→ **TASK BRIEF**: Please transcribe the entries below without omitting a single character.

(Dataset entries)
※

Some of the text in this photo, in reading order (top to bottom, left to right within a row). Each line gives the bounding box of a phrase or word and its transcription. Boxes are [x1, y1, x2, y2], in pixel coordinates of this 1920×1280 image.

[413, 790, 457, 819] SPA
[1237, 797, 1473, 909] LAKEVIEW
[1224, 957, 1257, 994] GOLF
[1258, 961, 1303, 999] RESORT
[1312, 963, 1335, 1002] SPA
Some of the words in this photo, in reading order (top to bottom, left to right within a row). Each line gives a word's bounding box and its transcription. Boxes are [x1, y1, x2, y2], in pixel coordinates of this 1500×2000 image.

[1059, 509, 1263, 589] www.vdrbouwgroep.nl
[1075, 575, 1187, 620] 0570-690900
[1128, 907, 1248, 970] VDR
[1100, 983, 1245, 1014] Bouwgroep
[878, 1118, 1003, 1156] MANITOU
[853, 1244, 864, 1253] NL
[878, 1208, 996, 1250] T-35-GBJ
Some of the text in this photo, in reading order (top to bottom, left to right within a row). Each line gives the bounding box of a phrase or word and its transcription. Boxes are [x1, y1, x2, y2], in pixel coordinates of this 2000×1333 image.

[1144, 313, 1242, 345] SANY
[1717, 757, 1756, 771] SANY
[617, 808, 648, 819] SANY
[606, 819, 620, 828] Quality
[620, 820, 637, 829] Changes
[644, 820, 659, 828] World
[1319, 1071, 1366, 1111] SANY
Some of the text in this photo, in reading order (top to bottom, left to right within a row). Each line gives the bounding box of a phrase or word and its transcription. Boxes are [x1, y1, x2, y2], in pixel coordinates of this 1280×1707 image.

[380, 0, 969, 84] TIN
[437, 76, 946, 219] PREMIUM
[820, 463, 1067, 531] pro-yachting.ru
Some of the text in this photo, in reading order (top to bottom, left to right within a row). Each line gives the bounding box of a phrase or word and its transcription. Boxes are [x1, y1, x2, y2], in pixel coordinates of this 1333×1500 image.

※

→ **OUTPUT OF THE TASK**:
Some of the text in this photo, in reading order (top to bottom, left to right within a row). Each line gives the bounding box of a phrase or word and its transcription. Boxes are [x1, y1, x2, y2], in pixel coordinates of this 1920×1280 image.

[413, 790, 457, 819] SPA
[1237, 797, 1473, 909] LAKEVIEW
[1224, 957, 1257, 994] GOLF
[1258, 961, 1303, 999] RESORT
[1312, 963, 1335, 1002] SPA
Some of the words in this photo, in reading order (top to bottom, left to right within a row). Each line gives a word's bounding box and its transcription. Boxes are [x1, y1, x2, y2], in pixel coordinates of this 1500×2000 image.

[1059, 509, 1263, 589] www.vdrbouwgroep.nl
[1075, 575, 1187, 620] 0570-690900
[1128, 907, 1248, 970] VDR
[1100, 983, 1245, 1014] Bouwgroep
[878, 1118, 1003, 1156] MANITOU
[853, 1244, 864, 1253] NL
[878, 1208, 996, 1250] T-35-GBJ
Some of the text in this photo, in reading order (top to bottom, left to right within a row). Each line gives the bounding box of a phrase or word and its transcription. Boxes are [x1, y1, x2, y2], in pixel coordinates of this 2000×1333 image.

[1144, 313, 1242, 345] SANY
[1717, 757, 1756, 771] SANY
[617, 808, 648, 819] SANY
[606, 819, 620, 828] Quality
[620, 820, 637, 829] Changes
[644, 820, 659, 828] World
[1319, 1071, 1366, 1111] SANY
Some of the text in this photo, in reading order (top to bottom, left to right within a row). Each line gives the bounding box of a phrase or word and its transcription. Boxes are [x1, y1, x2, y2], in pixel coordinates of this 1280×1707 image.

[380, 0, 969, 84] TIN
[437, 76, 946, 219] PREMIUM
[820, 463, 1067, 531] pro-yachting.ru
Some of the text in this photo, in reading order (top to bottom, left to right within a row). Each line gives the bounding box of a phrase or word and its transcription. Boxes are [x1, y1, x2, y2], in pixel coordinates of this 1333×1500 image.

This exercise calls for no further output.